=== THE INPUT ===
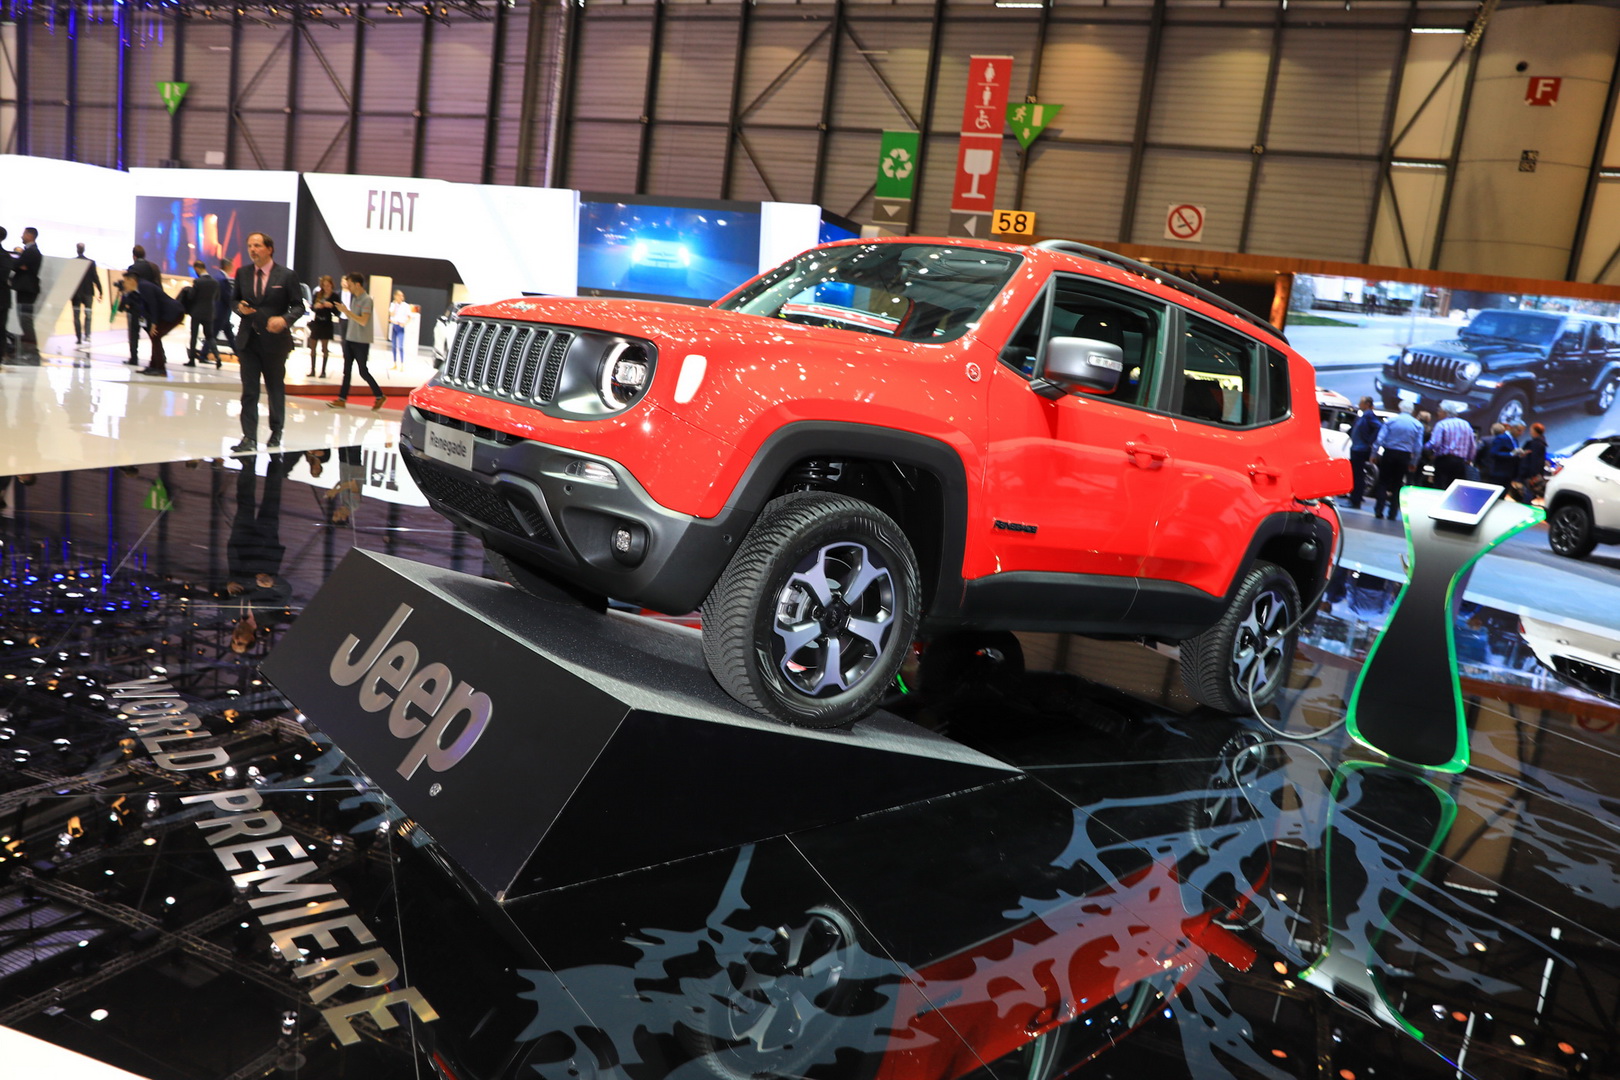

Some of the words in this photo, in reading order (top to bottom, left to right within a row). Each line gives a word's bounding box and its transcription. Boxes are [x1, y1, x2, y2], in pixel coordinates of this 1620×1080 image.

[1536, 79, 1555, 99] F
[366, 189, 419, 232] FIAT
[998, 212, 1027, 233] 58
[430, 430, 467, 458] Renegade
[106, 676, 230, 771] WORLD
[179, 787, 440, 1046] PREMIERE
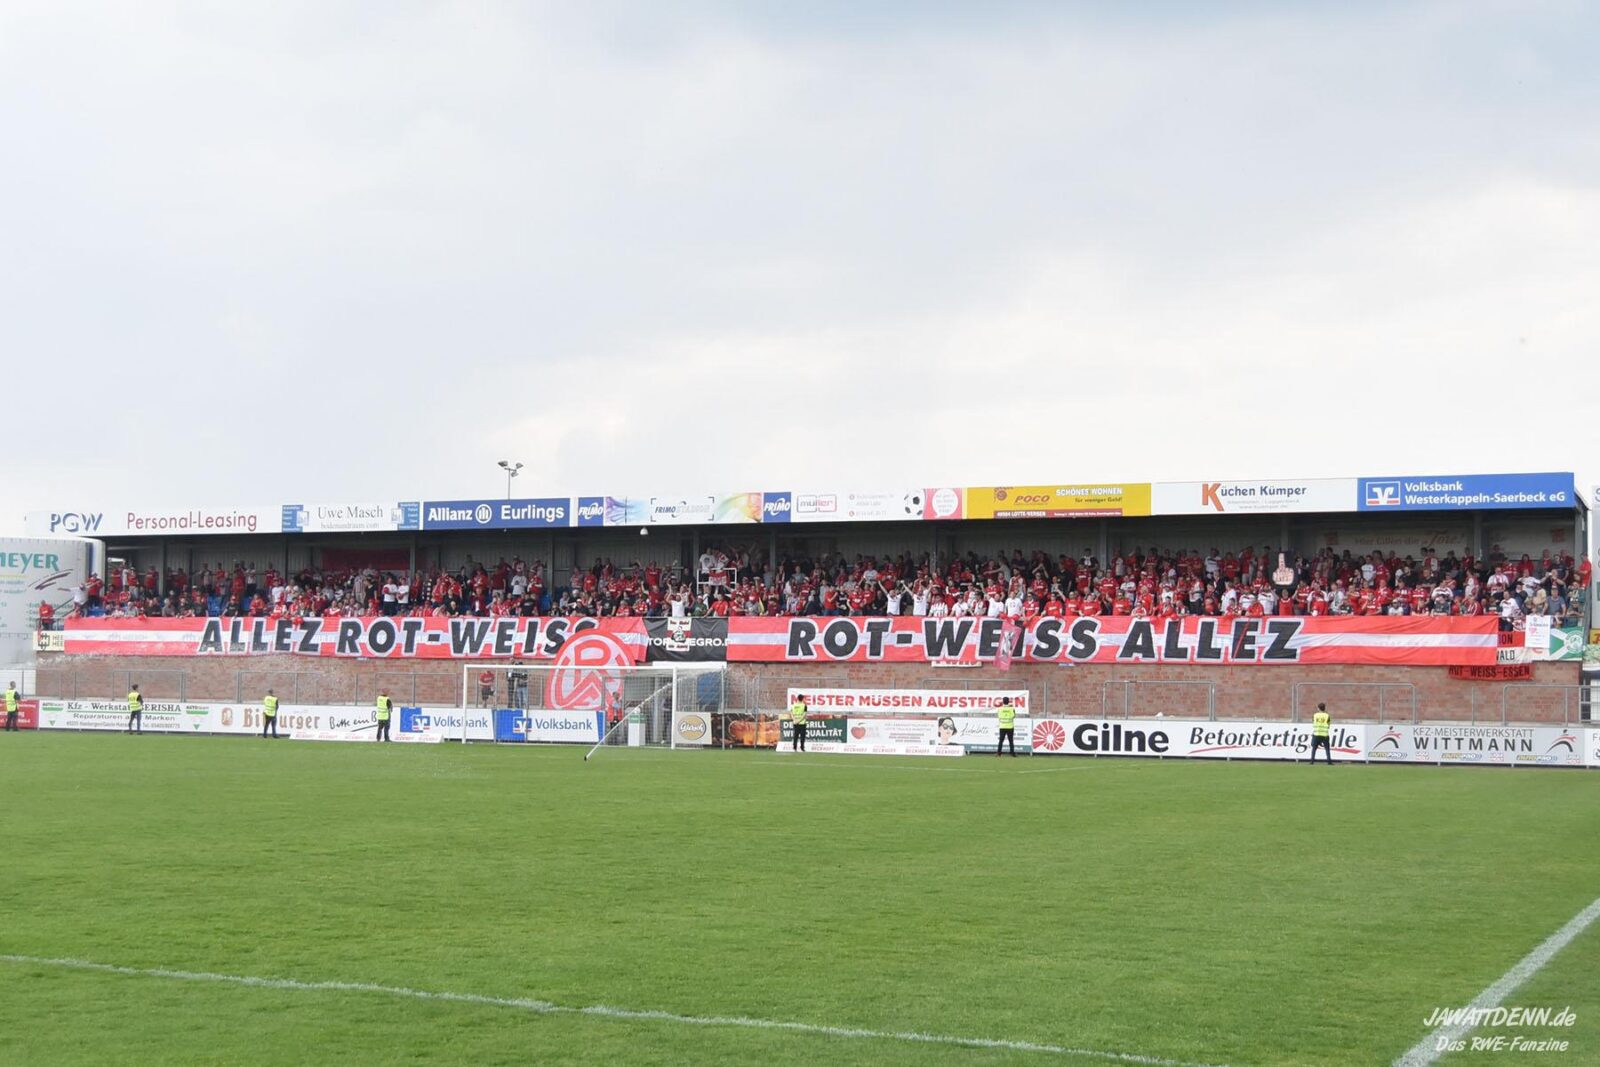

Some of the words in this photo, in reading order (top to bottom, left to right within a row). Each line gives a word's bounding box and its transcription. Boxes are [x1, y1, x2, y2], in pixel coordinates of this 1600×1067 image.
===
YOUR ASSIGNMENT: With the pictures left out, output all the entries exactly.

TASK ANSWER:
Some of the words in this photo, in reading order (top to bottom, left to right within a row). Each line gives a word's bounding box and its transcription. Boxes are [x1, y1, x2, y2], in pixel coordinates of this 1620×1080 image.

[1536, 79, 1555, 99] F
[366, 189, 419, 232] FIAT
[998, 212, 1027, 233] 58
[430, 430, 467, 458] Renegade
[106, 676, 230, 771] WORLD
[179, 787, 440, 1046] PREMIERE

Some of the words in this photo, in reading order (top to bottom, left to right within a row). Each line gives a word's bounding box and its transcription. Boxes are [x1, y1, x2, y2], in pixel coordinates of this 1600×1067 image.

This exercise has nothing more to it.